Your reply must contain exactly the lines running from the one with "this 1310×1276 image." to the last line of the entries below, both included, and no other lines.
--- EXCERPTED RECORDS ---
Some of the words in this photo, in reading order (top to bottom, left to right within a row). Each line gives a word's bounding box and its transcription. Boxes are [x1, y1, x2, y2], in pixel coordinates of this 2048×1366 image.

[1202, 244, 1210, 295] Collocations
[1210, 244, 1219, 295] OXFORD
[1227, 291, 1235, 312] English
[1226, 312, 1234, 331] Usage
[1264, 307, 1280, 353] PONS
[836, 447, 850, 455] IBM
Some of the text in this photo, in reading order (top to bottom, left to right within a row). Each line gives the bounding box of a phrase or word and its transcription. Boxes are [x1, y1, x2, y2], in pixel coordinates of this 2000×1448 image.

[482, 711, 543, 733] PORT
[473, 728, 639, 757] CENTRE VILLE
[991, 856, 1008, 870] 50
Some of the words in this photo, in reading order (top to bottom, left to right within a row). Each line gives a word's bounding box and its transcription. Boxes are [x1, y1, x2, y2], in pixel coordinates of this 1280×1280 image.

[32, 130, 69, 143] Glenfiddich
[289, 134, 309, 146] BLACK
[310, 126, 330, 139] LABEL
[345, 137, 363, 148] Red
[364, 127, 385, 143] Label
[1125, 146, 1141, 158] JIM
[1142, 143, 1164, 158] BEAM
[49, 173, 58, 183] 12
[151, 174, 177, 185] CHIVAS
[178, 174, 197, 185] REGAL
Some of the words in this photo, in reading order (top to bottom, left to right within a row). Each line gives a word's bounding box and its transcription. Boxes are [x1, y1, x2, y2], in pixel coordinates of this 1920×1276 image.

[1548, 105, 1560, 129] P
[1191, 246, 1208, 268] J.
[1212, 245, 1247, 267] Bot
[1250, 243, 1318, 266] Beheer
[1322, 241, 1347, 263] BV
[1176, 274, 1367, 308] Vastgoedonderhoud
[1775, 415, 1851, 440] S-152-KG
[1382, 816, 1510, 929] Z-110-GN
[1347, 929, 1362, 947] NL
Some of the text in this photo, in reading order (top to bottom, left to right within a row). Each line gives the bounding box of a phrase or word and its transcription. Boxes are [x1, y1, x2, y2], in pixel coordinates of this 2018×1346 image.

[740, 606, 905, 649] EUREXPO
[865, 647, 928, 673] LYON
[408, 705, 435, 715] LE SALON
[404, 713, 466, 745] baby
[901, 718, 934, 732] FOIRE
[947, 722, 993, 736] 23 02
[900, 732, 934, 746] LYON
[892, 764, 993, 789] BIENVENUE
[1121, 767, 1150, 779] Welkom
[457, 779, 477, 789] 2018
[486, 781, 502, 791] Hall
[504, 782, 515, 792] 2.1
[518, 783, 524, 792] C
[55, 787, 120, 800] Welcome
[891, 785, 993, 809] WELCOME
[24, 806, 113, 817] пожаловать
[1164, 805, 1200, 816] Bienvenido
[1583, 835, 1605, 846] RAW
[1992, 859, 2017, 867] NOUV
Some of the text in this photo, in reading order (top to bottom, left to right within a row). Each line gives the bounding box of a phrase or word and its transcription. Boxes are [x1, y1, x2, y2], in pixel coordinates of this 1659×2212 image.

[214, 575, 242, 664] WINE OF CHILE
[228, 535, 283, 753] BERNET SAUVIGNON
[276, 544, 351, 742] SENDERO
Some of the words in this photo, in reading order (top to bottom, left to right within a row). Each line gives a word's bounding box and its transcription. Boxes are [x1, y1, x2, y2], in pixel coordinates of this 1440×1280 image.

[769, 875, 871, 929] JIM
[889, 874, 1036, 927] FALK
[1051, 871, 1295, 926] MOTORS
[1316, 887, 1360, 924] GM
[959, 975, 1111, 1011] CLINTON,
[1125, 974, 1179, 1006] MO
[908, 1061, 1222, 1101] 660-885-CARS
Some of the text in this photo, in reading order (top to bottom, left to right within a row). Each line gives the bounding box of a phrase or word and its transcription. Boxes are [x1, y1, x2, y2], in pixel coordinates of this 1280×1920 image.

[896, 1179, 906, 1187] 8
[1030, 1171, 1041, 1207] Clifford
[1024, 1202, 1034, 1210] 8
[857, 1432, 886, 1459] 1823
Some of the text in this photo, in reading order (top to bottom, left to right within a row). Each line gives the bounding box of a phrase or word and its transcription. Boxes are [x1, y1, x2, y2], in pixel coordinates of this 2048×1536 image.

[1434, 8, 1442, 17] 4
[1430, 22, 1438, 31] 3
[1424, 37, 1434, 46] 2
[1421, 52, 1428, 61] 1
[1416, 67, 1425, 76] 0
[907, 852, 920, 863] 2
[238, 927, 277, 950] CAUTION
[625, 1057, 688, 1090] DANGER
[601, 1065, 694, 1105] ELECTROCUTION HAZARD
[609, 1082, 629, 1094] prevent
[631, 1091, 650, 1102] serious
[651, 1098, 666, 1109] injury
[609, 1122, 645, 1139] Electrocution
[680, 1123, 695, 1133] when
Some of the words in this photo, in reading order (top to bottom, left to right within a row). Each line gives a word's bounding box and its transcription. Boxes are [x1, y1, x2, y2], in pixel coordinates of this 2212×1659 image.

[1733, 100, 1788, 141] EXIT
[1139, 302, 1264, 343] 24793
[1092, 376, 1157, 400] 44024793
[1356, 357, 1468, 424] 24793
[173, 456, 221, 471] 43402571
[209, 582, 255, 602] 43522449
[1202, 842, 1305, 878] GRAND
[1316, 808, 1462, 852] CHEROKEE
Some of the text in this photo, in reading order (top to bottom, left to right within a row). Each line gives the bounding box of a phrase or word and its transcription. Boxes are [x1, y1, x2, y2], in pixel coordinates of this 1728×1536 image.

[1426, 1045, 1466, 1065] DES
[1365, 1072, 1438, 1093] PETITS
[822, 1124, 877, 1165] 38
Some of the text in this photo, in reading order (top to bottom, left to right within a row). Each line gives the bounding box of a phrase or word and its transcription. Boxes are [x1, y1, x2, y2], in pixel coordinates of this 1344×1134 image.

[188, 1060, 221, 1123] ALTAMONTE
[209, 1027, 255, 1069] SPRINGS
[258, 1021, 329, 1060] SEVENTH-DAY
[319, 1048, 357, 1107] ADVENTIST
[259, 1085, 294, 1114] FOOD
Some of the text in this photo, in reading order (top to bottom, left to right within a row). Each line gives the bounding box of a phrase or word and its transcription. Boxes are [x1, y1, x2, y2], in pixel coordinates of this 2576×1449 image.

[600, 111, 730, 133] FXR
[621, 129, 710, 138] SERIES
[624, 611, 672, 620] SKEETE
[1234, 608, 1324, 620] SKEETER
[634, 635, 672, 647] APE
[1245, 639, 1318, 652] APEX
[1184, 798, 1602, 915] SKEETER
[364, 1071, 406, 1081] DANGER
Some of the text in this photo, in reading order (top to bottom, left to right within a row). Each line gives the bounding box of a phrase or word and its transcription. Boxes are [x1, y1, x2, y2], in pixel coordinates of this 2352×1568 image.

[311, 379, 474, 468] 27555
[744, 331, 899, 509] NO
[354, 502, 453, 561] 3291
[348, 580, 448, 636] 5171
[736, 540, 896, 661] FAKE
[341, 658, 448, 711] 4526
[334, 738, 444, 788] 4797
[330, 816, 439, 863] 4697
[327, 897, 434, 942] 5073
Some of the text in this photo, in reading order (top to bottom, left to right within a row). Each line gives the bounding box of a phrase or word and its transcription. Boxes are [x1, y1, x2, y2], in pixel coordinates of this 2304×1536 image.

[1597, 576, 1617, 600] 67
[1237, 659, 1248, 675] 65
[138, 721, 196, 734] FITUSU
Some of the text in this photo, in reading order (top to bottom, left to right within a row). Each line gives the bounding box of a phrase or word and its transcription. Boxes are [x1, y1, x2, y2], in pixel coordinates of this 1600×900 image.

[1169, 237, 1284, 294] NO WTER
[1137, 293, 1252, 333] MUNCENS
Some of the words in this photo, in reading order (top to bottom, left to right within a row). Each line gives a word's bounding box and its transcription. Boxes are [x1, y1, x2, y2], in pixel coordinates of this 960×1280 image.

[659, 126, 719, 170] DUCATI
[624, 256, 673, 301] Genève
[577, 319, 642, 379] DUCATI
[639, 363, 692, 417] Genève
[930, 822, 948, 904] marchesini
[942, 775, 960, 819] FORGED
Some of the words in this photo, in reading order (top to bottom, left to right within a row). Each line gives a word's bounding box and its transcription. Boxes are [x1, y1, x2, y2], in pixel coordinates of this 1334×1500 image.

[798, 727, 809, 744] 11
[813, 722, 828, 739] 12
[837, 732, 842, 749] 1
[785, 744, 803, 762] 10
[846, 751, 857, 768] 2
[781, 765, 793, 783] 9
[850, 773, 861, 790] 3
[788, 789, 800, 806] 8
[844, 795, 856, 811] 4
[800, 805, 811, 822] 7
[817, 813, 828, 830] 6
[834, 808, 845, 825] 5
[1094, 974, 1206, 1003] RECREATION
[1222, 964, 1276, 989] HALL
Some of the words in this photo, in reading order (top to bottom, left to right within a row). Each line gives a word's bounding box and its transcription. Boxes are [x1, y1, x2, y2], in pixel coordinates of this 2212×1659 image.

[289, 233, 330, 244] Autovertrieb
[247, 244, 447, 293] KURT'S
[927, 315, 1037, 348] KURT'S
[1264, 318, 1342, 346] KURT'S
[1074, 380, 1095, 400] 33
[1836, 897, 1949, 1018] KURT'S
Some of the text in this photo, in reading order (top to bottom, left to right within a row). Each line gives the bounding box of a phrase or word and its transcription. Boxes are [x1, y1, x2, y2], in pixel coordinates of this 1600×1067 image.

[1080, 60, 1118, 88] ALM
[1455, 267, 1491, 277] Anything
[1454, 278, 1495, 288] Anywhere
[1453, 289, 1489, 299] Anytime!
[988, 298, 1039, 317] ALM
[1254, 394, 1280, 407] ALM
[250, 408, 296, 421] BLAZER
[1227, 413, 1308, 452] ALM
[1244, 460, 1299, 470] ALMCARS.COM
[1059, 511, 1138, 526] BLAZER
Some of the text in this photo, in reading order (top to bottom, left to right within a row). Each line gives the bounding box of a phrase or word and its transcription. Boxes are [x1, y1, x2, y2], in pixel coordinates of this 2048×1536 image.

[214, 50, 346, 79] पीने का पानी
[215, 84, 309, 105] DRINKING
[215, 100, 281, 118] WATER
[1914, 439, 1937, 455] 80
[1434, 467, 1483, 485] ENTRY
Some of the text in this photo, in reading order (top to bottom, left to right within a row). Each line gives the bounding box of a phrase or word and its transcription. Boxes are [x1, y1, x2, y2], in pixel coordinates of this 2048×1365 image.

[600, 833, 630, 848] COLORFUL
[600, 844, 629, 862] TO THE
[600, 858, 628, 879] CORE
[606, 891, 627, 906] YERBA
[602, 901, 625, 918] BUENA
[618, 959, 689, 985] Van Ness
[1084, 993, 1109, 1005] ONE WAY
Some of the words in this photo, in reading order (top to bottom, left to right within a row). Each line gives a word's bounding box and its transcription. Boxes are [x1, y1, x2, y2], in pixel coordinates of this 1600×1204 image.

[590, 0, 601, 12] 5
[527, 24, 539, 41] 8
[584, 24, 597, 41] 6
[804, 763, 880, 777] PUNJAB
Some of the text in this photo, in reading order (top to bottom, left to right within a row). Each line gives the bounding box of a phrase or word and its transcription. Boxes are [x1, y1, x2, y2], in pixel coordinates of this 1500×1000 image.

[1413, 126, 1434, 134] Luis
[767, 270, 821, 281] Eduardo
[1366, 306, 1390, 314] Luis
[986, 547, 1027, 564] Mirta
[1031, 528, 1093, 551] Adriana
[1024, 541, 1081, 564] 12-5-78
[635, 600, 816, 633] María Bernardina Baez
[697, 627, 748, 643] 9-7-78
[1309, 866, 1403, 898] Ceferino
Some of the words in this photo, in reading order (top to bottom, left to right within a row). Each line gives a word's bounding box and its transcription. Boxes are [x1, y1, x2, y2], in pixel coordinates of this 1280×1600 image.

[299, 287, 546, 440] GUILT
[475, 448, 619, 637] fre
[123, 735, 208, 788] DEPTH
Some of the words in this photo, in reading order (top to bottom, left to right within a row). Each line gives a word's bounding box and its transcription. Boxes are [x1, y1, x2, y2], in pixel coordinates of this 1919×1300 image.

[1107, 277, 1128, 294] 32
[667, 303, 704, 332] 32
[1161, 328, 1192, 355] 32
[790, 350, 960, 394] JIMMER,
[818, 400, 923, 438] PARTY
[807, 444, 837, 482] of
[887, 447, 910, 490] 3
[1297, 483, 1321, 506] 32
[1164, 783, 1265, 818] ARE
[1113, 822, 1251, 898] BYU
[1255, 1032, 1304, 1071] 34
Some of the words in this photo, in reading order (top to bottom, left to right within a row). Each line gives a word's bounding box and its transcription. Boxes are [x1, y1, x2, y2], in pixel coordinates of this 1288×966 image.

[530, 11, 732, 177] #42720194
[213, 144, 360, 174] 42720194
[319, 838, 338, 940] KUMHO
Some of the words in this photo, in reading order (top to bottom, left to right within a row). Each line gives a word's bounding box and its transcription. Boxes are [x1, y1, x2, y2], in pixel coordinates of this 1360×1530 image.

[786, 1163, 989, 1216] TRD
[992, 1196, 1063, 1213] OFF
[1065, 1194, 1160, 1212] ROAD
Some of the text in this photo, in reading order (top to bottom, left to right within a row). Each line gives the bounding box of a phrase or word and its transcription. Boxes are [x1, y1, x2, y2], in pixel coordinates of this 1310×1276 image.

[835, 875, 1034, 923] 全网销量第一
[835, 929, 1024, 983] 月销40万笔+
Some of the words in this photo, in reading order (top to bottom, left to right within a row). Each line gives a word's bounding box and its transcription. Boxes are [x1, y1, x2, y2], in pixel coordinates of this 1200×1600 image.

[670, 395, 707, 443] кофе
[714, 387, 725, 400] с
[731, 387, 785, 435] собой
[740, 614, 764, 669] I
---
[YOUR SOLUTION]:
Some of the text in this photo, in reading order (top to bottom, left to right within a row). Each line gives the bounding box of a phrase or word and its transcription. Boxes are [x1, y1, x2, y2], in pixel coordinates of this 1310×1276 image.

[835, 875, 1034, 923] 全网销量第一
[835, 929, 1024, 983] 月销40万笔+
Some of the words in this photo, in reading order (top to bottom, left to right within a row). Each line gives a word's bounding box and its transcription. Boxes are [x1, y1, x2, y2], in pixel coordinates of this 1200×1600 image.

[670, 395, 707, 443] кофе
[714, 387, 725, 400] с
[731, 387, 785, 435] собой
[740, 614, 764, 669] I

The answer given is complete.